The humble bicycle is gradually shedding its grim association with Cuba’s economic crisis that followed the fall of the Soviet Union, and making a comeback buoyed by demand from tourists and Cubans frustrated by poor public transportation.
Bicycles rattle by everywhere on the flat cobblestone streets of Cardenas, an industrial city on the north coast where a giant iron bicycle monument greets visitors.
Bikes have long been the favored mode of transport here, but in Havana and other cities, the bike is coming back into vogue.
Modern bike shops with their smell of rubber and gear-oil are springing up to meet demand from tourists as well as Cubans simply looking for a reliable way to get around.
Osvaldo, a computer technician, sweats over an old Soviet-made MB3 with back-pedal brakes, handlebars shorn of handgrips — the bike itself a collection of spare parts.
“Everybody gets around by bicycle in Cardenas, and I use it also to carry all sorts of things, anything I can manage,” he says.
The odd slick mountain bike with swishing derailleurs is a rarity among the traditional rusty boneshakers used by ordinary Cubans heading to work, or to the bakery.
Hairdresser Kenia Lis Pulido said she uses her bike from morning to night, from the moment she takes her children to school.

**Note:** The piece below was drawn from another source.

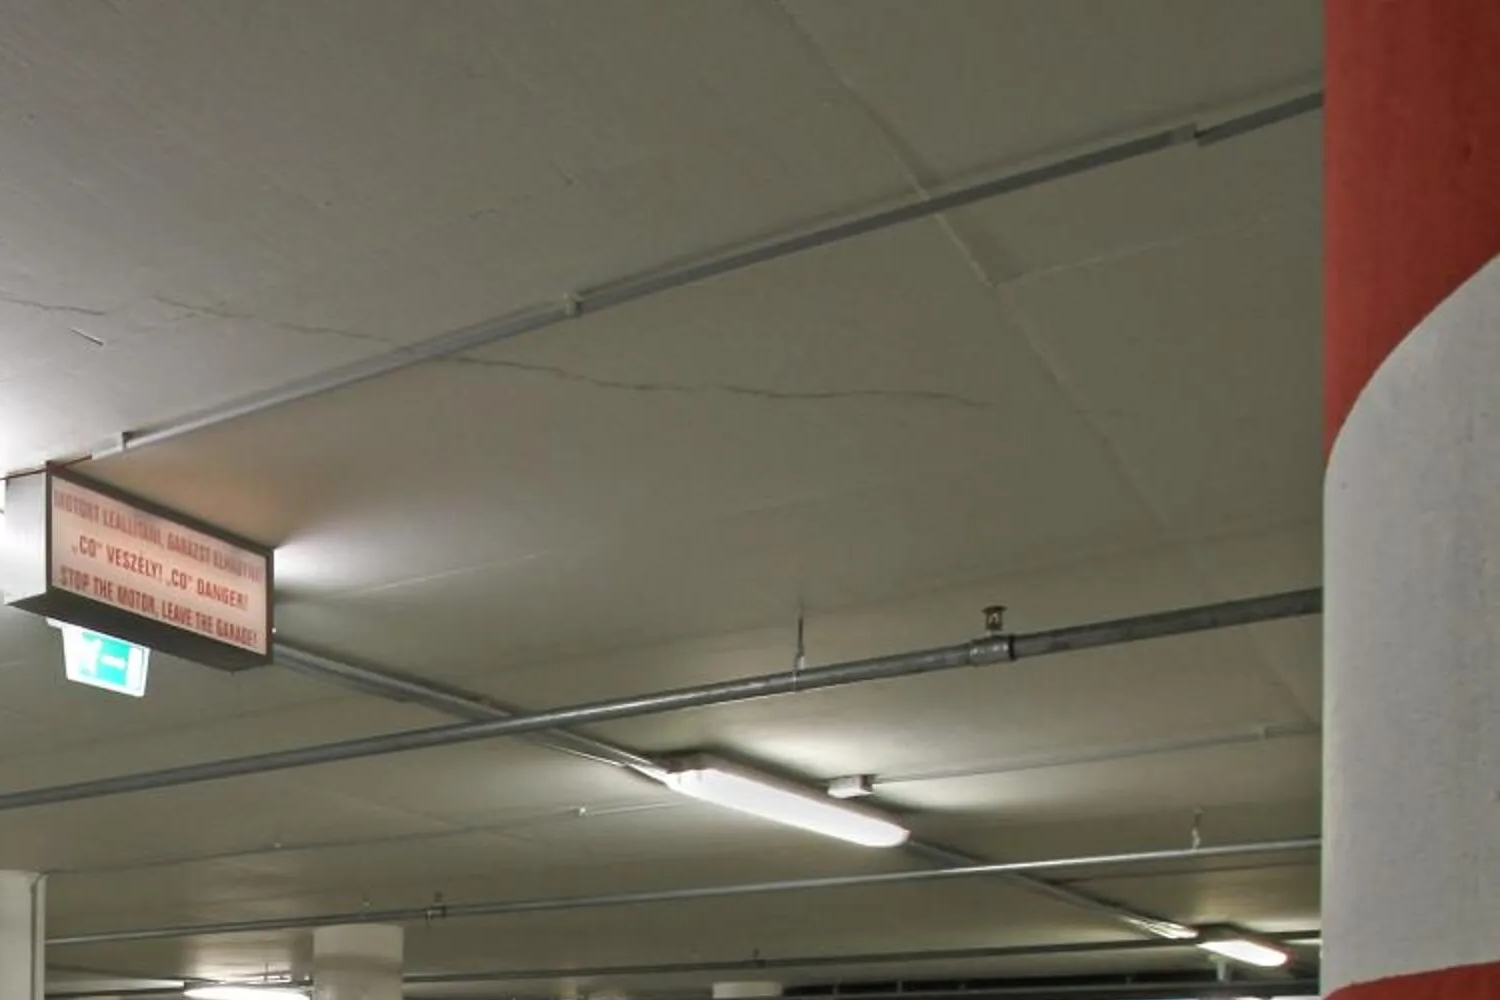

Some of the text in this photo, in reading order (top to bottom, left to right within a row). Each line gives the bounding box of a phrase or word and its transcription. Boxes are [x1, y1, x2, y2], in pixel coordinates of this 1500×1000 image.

“At night, if we are going anywhere, we’ll pick up our bike and we’ll have spent the whole day on the bike.”
In some ways Cardenas is a constantly moving, living museum of mostly-communist bike transport over the last 50 years, with examples galore of the Chinese-built “Forever” model and the “Flying Pigeon” that flooded the island during the shortages in the 1990s.
One can still find a few folding MB3s from the 1980s, and rarer still, the American “Schwinn” of the 1950s.
The made-in-Cuba ‘Minerva’
In the early 1990s bikes were the preferred way to get around in Cuba. The Soviet Union had just collapsed, removing the island’s source of cheap oil imports, and cutbacks in public transportation led nearly everyone to seek a reliable alternative during the so-called “Special Period.”
To cope with demand, Cuba began producing its own model, the Minerva.
They were “poor quality,” remembers Lazaro Pereira, a bike-repair specialist in Cardenas.
“The forks split and when this happened, passers-by would mock people falling off their bikes.”
Customization is common in Cuba’s make-do culture, and bikes are often equipped with baskets, as well as wooden seats for extra passengers.
Some even have lawnmower engines fitted.
Ordinary mattress foam or plastic is used to renovate tired saddles. Often a piece of sponge wrapped in vinyl does the trick.
“During the Special Period in the 90s, many bicycles were made. Many were of good quality, because they didn’t put a lot of weight on them, because a bicycle is made for only one person, but we want to put four people on it,” the 43-year-old mechanic said.
Specter of the Special Period
Fidel Castro encouraged Cubans to get on their bikes when the Soviet cash-cow ran dry, but greater prosperity as the 21st century loomed brought a new reliance on motorized transport.
Still today, a bicycle may have “a negative connotation because… it can remain associated with poverty that characterized this period,” said Maria Paula Otero Herrera, a 21-year-old music student and bike-lover.
“It was the ideal means of transport because it was the only thing that was allowed and so it has dragged with it those feeling of poverty from that time,” said geography student Denis Alvarez.
Naybis Diaz Labaut is owner of VeloCuba, one of the numerous repair and bike-hire shops which have flourished around Havana in the last few years.
“For the last five years, there has been significant movement in the world of bicycles in Cuba. We see it in the streets,” she said, adding that they are proving a viable alternative to the geriatric public transport system.
In general, “people aged 50+ reject bikes… but the new generation appreciates its attractions,” she says.
VeloCuba has been around since 2014, and employs almost exclusively women. The agency has just opened a second Havana outlet and also offers guided tours to tourists on its 40 recent models.
All were bought from foreign tourists because “the bikes sold in Cuba are Chinese models made of iron,” and of poor-quality, says Diaz-Labaut.
Two-wheeled transport has a big future in Havana even though it has not yet reached anywhere near the popularity of bicycles in the provinces, she says.
Cycling in Cuba has its dangers however, “from antique vehicles unable to properly slow down, to the absence of proper bike paths, and the lack of motorist education.”
“It’s hard and challenging to ride in Havana,” laughs Jake Lester, a cyclist from Massachusetts in the US, on a three-month study trip.
“You have to be very careful about what happens round you.”